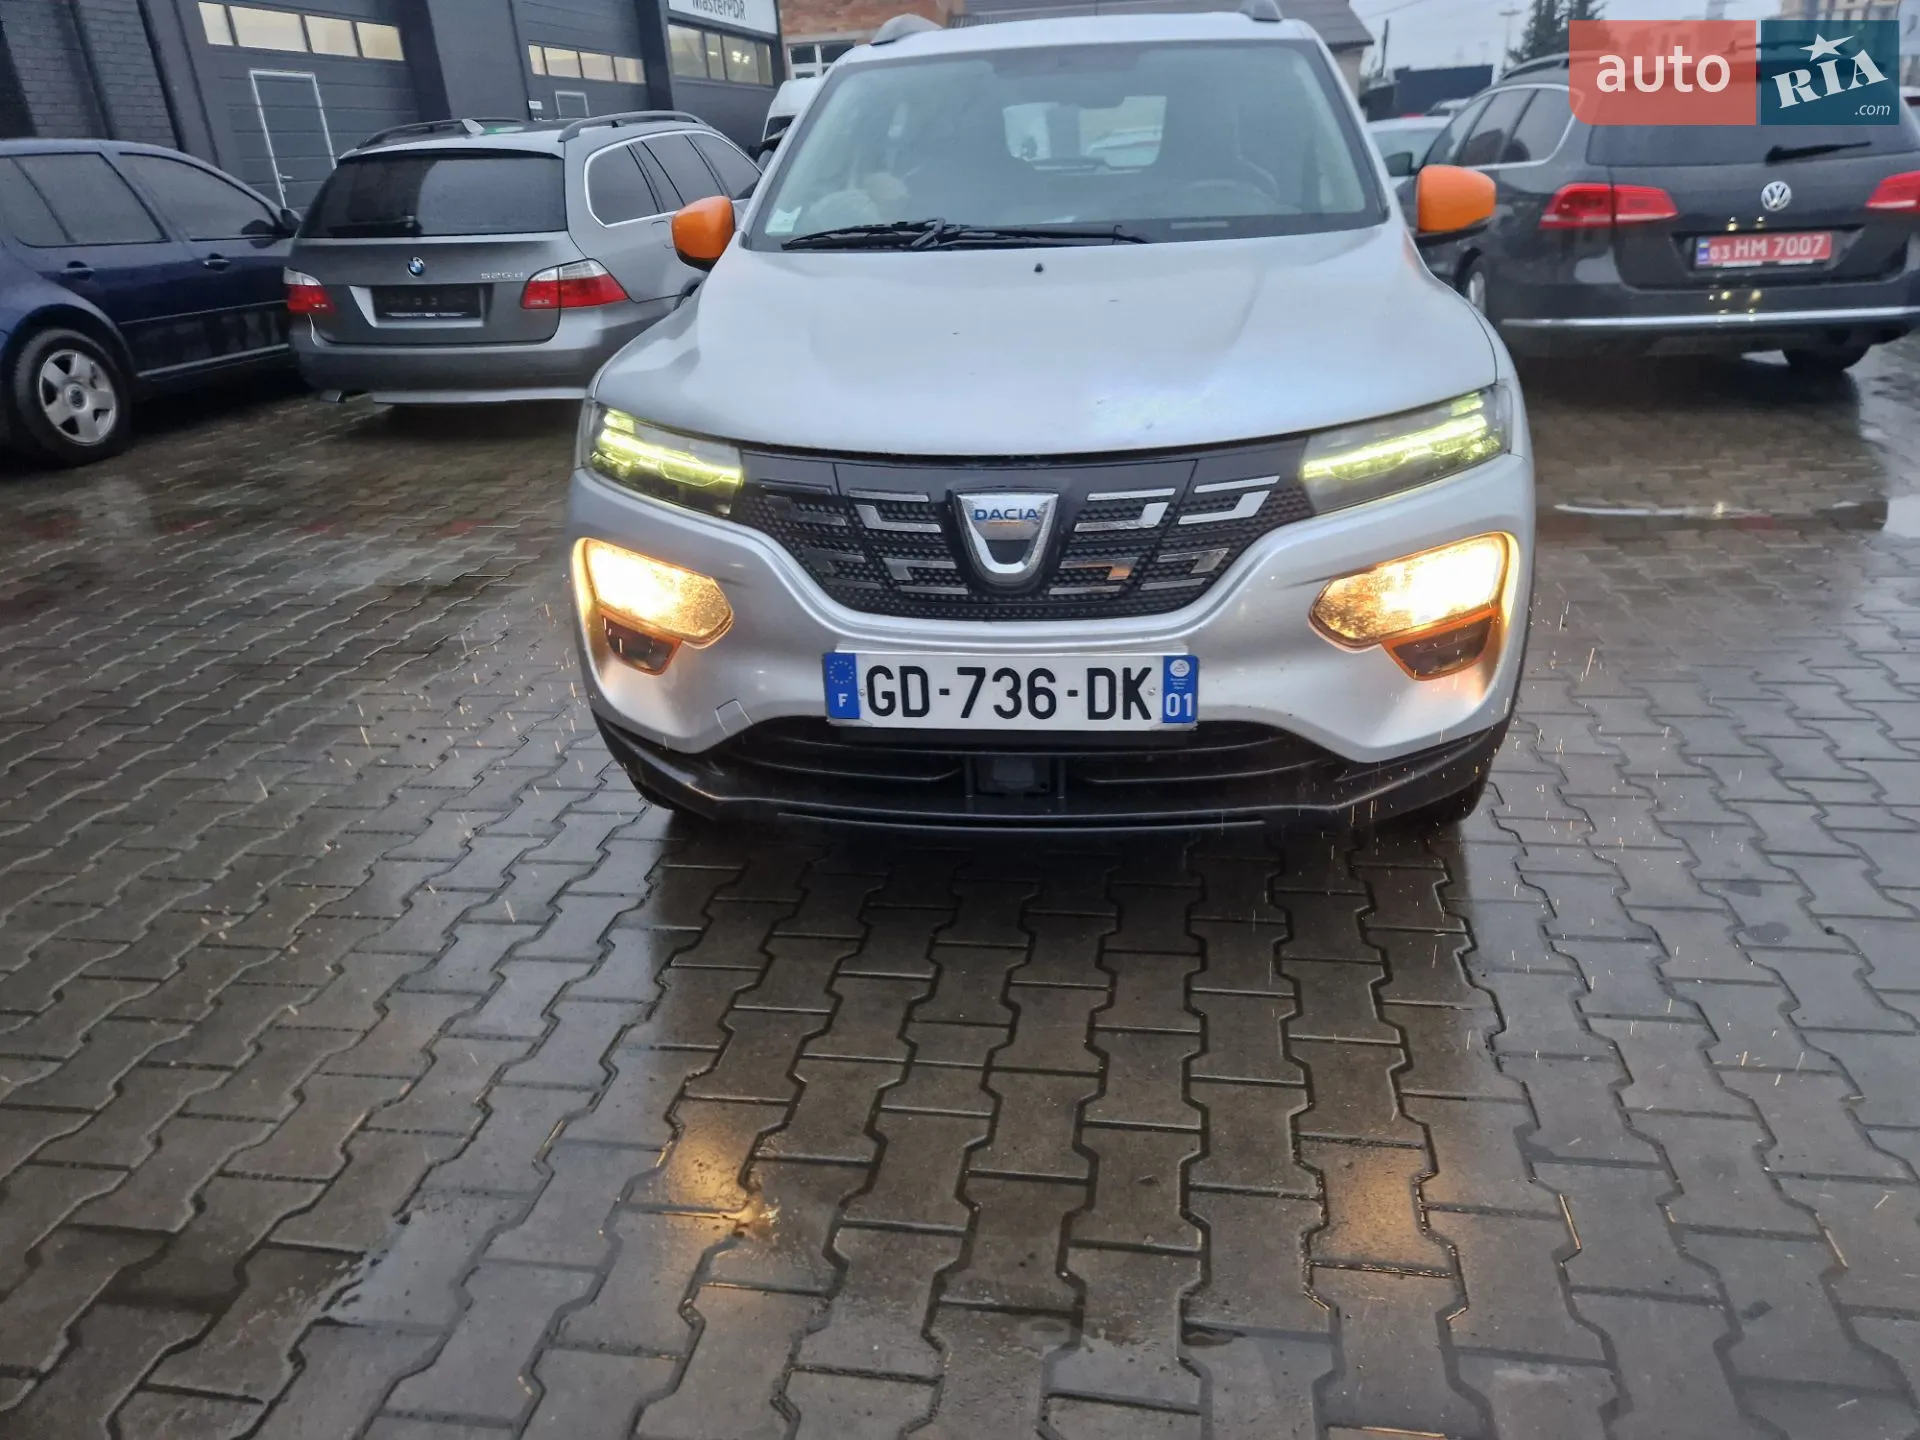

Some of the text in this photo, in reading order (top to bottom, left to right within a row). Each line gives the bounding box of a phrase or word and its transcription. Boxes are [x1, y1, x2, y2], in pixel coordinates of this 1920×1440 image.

[1709, 234, 1826, 260] 03 HM 7007
[974, 508, 1040, 521] DACIA
[838, 692, 849, 708] F
[866, 664, 1152, 721] GD-736-DK
[1165, 692, 1193, 717] 01
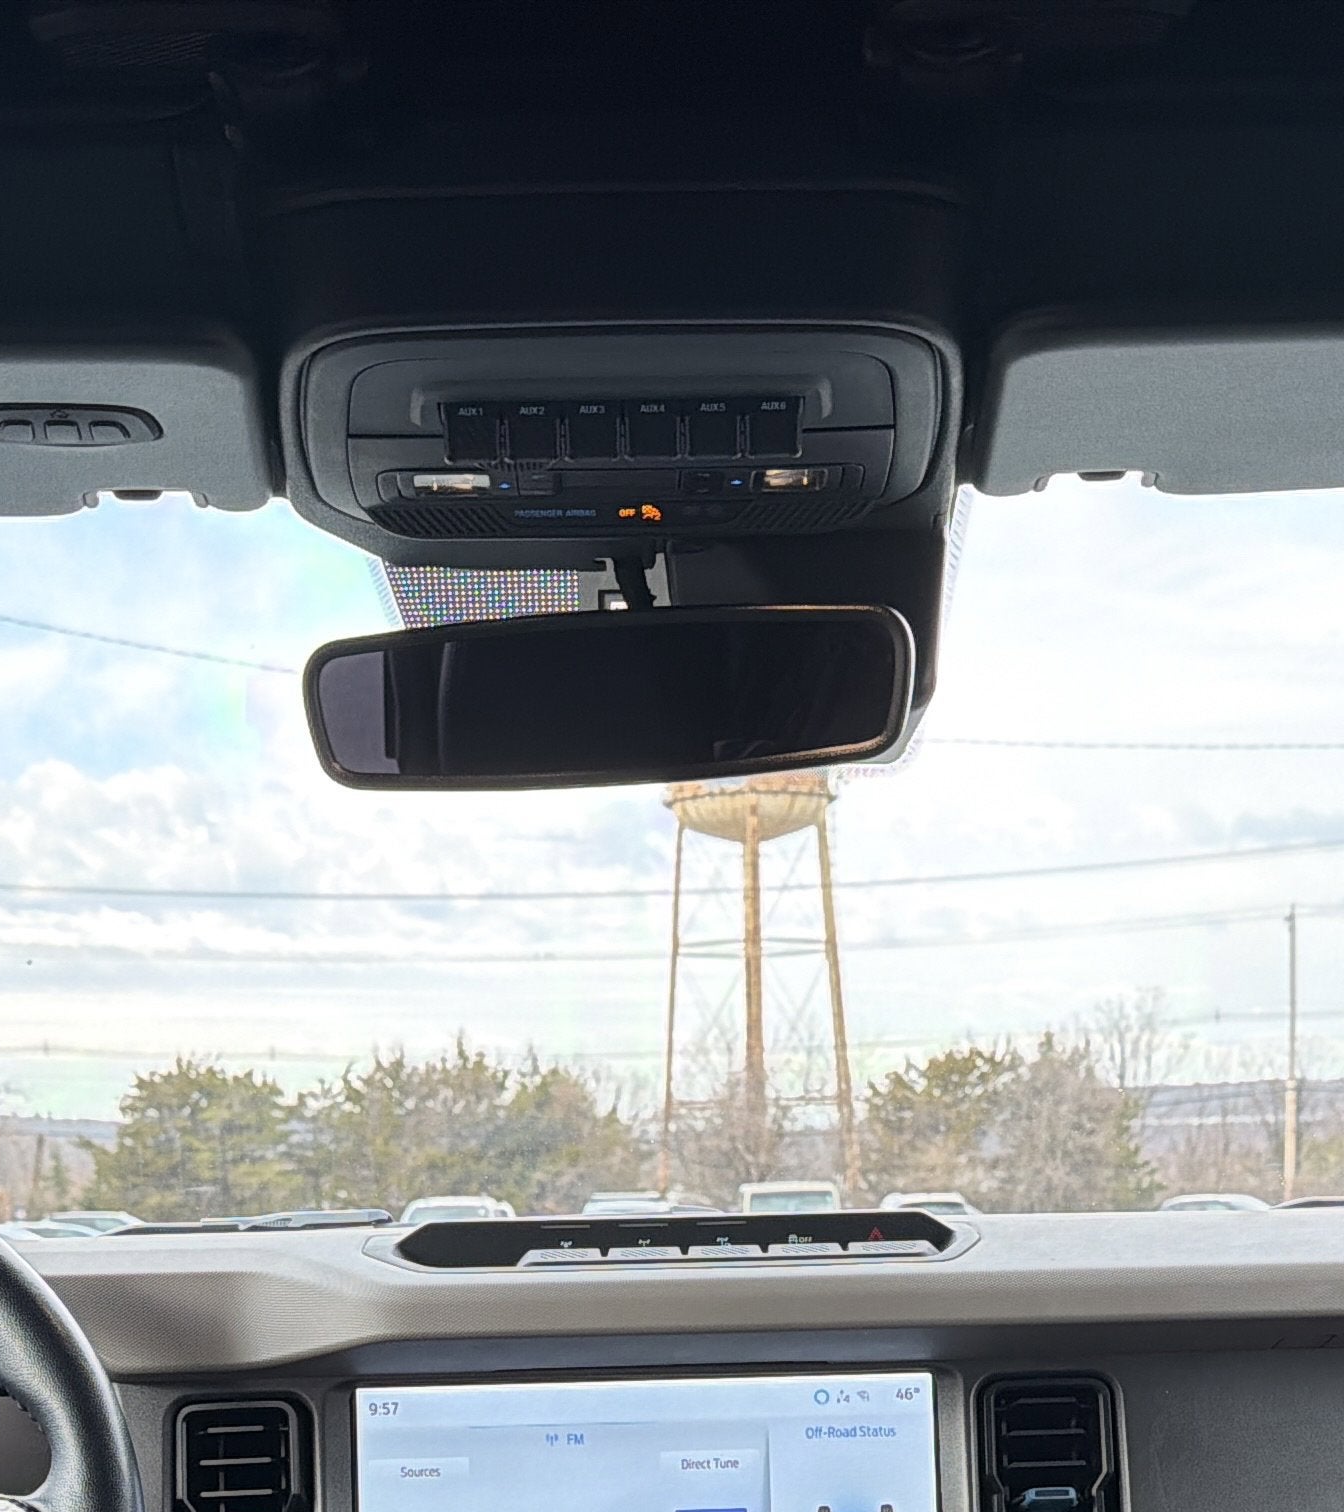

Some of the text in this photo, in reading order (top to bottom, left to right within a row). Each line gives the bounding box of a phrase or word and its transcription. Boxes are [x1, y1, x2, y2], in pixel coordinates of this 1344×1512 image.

» **Problem to solve**:
Your answer must consist of the entries, unchanged, with no pictures in it.

» **Response to the exercise**:
Some of the text in this photo, in reading order (top to bottom, left to right within a row). Each line gives the bounding box of a phrase or word and its transcription. Boxes are [x1, y1, x2, y2], in pixel coordinates of this 1920×1440 image.

[1709, 234, 1826, 260] 03 HM 7007
[974, 508, 1040, 521] DACIA
[838, 692, 849, 708] F
[866, 664, 1152, 721] GD-736-DK
[1165, 692, 1193, 717] 01

Some of the text in this photo, in reading order (top to bottom, left to right within a row). Each line gives the bounding box of a phrase or word and its transcription. Boxes are [x1, y1, x2, y2], in pixel coordinates of this 1344×1512 image.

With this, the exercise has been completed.